Results from electron microscopic morphometry,
enzyme cytochemistry and immunolocalization in liver biopsies are reviewed. Emphasis is put on the following aspects: 1) relationship between peroxisomal size and
enzyme concentration; 2) abnormal enlargement of peroxisomes in many
congenital disorders with peroxisomal dysfunction; 3) normal localization of matrix
enzymes in several patients with peroxisomal dysfunction, with the exception of
catalase, which is mainly cytoplasmic; 4) ghost-like peroxisomes in the liver of several syndromes but not in nine cases labelled as Zellweger; 5) discrepancies between liver and cultured fibroblasts; 6) trilamellar, regularly spaced inclusions, large stacks of which are birefringent, indicate a peroxisomal dysfunction; their absence does not exclude it.
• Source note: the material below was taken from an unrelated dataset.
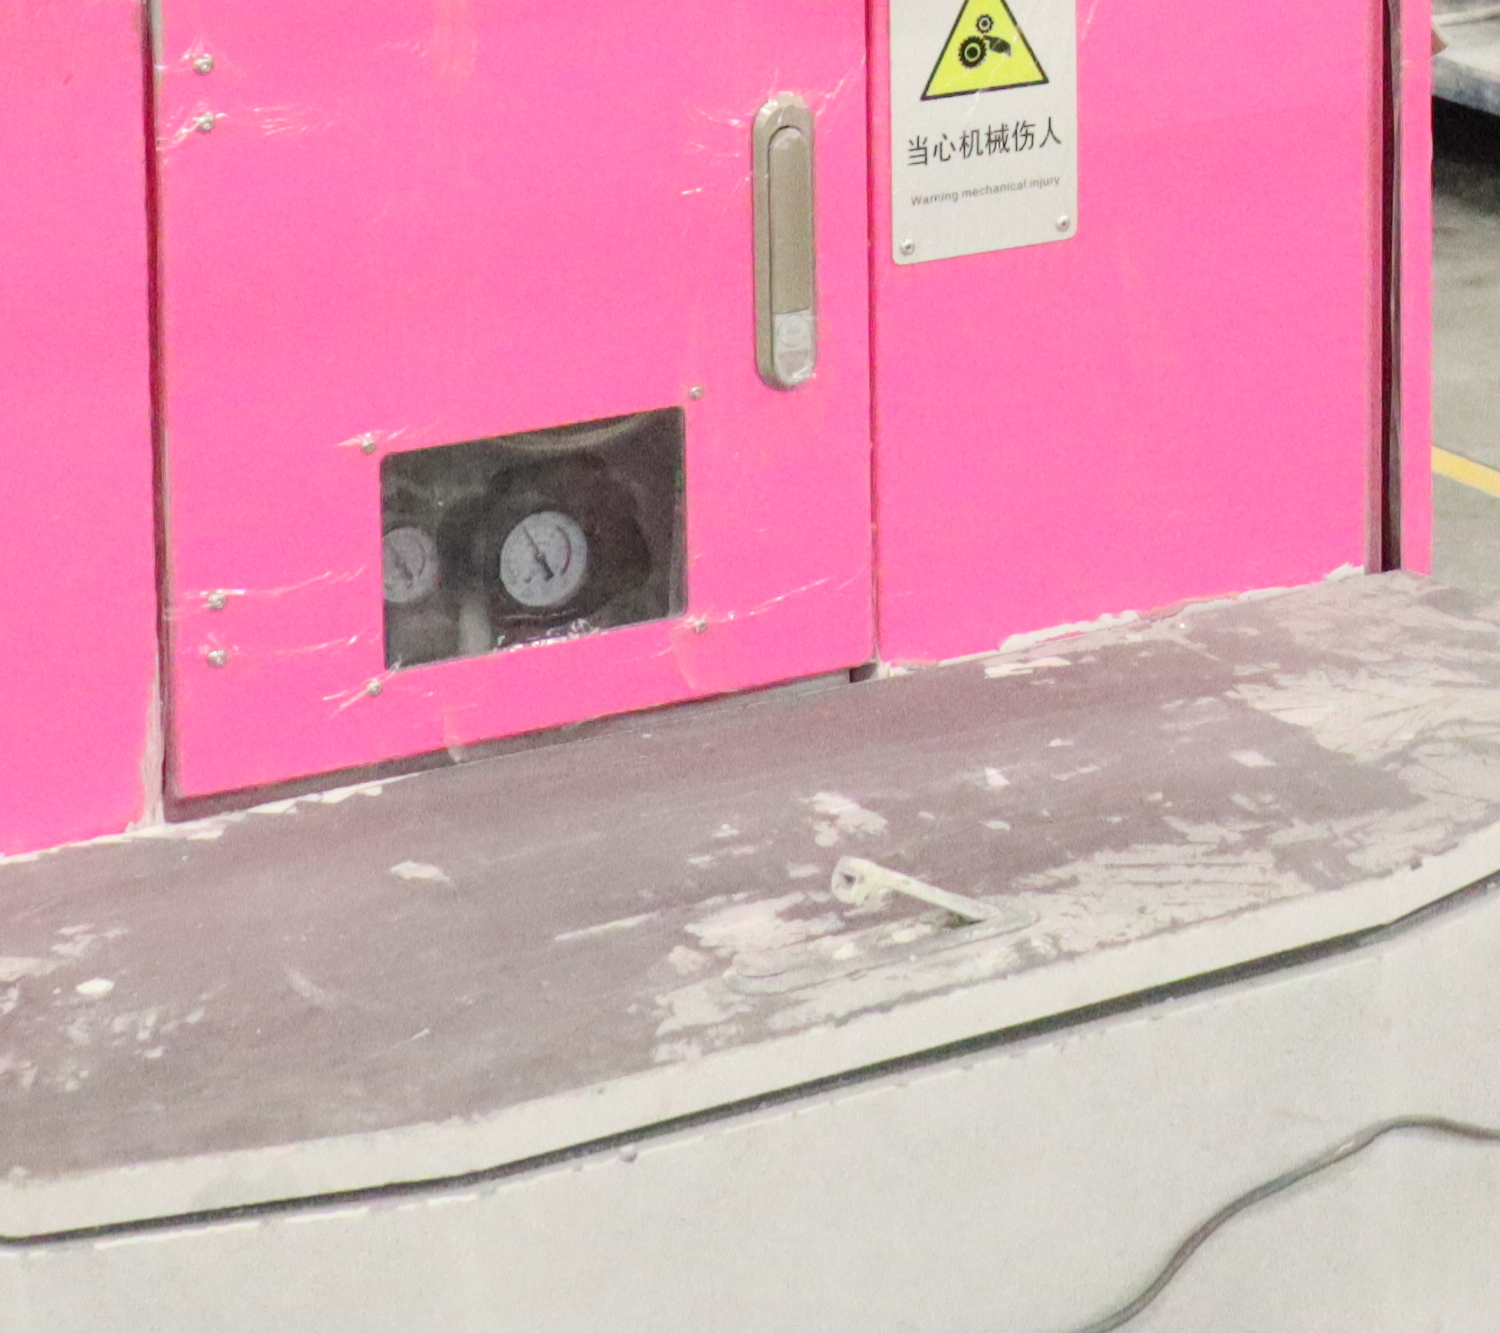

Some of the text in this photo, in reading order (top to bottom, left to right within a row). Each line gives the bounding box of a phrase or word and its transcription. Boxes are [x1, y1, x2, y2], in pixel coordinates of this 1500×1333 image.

[907, 116, 1062, 166] 当心机械伤人
[911, 175, 1061, 207] Warning mechanical injury
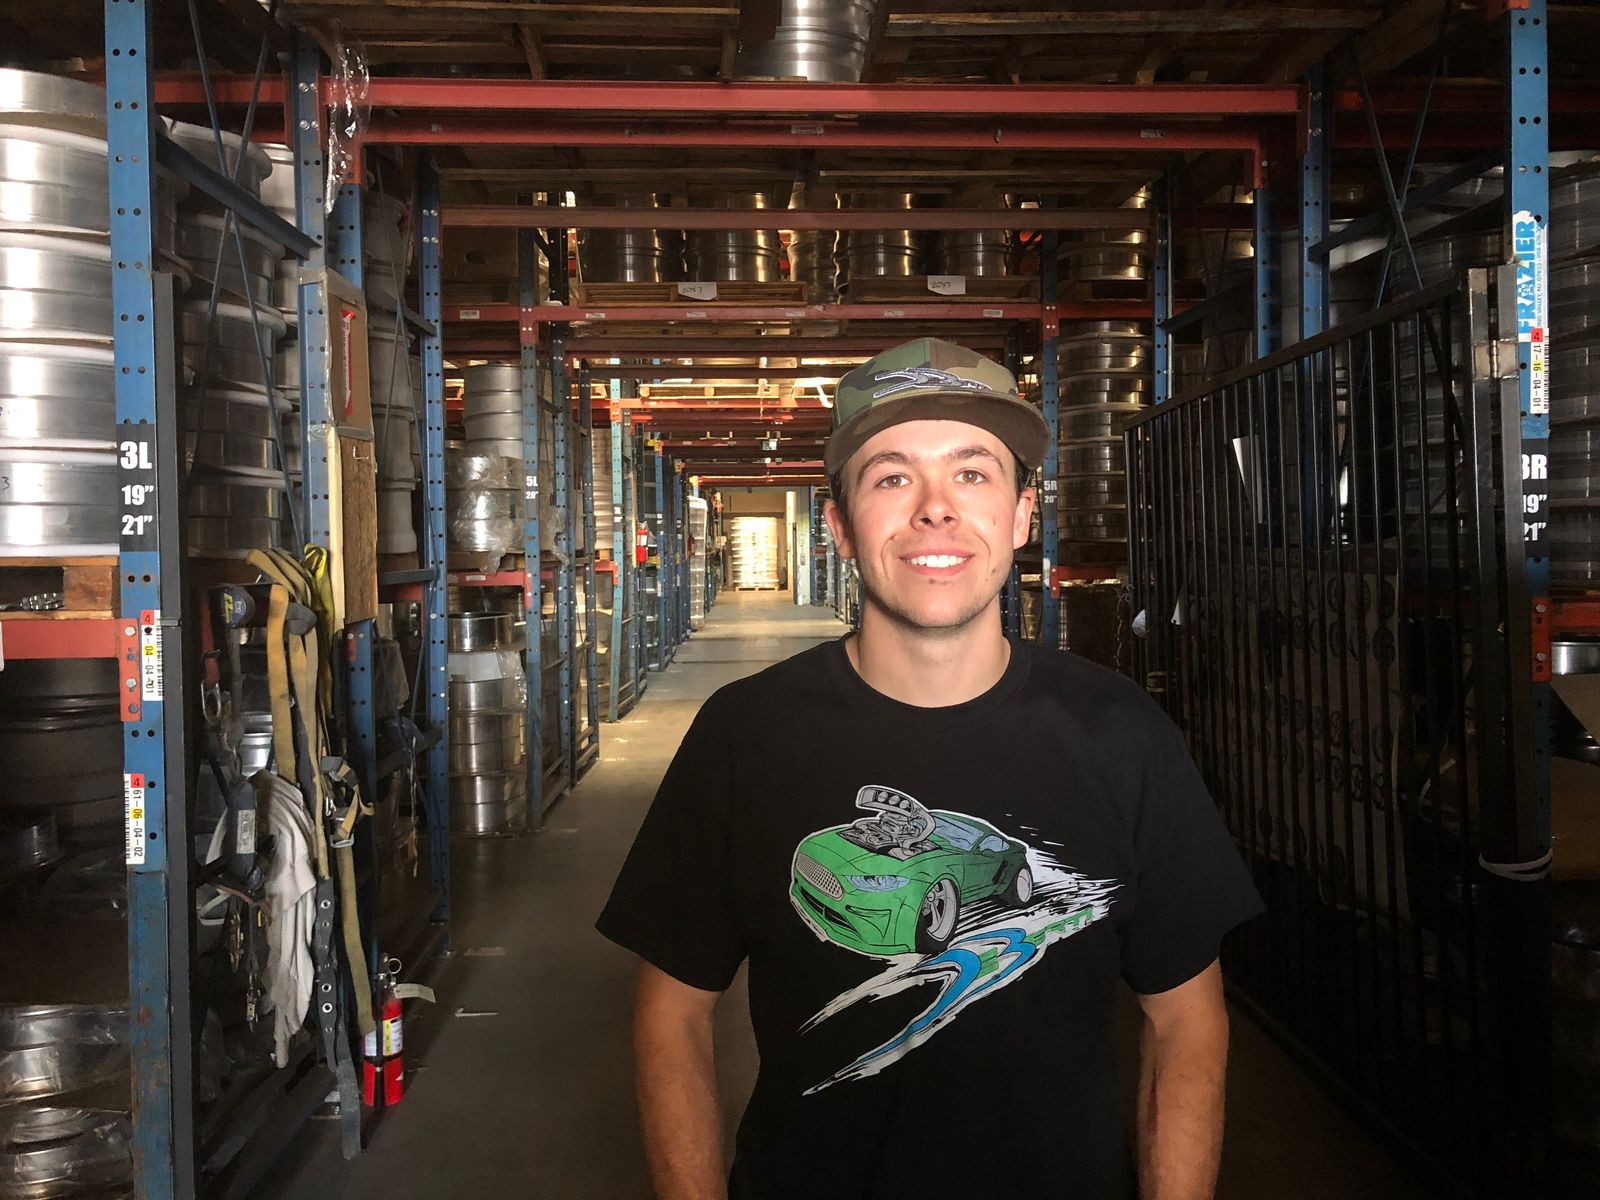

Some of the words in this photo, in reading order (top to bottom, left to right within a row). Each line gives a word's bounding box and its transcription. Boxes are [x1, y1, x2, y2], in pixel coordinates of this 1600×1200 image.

The same rule holds for
lipid in macrophages which is insoluble in
acetone and
n-hexane (after fixation). The chemical nature of these two storage materials remains unclear; and 7) proliferation of human peroxisomes is frequent in acquired
liver diseases and
drug toxicity, but is never accompanied by an increase in size, in contrast to the effect of the
fibrates and phthalates in rat and mouse. Novel data from seven peroxisomal patients are included.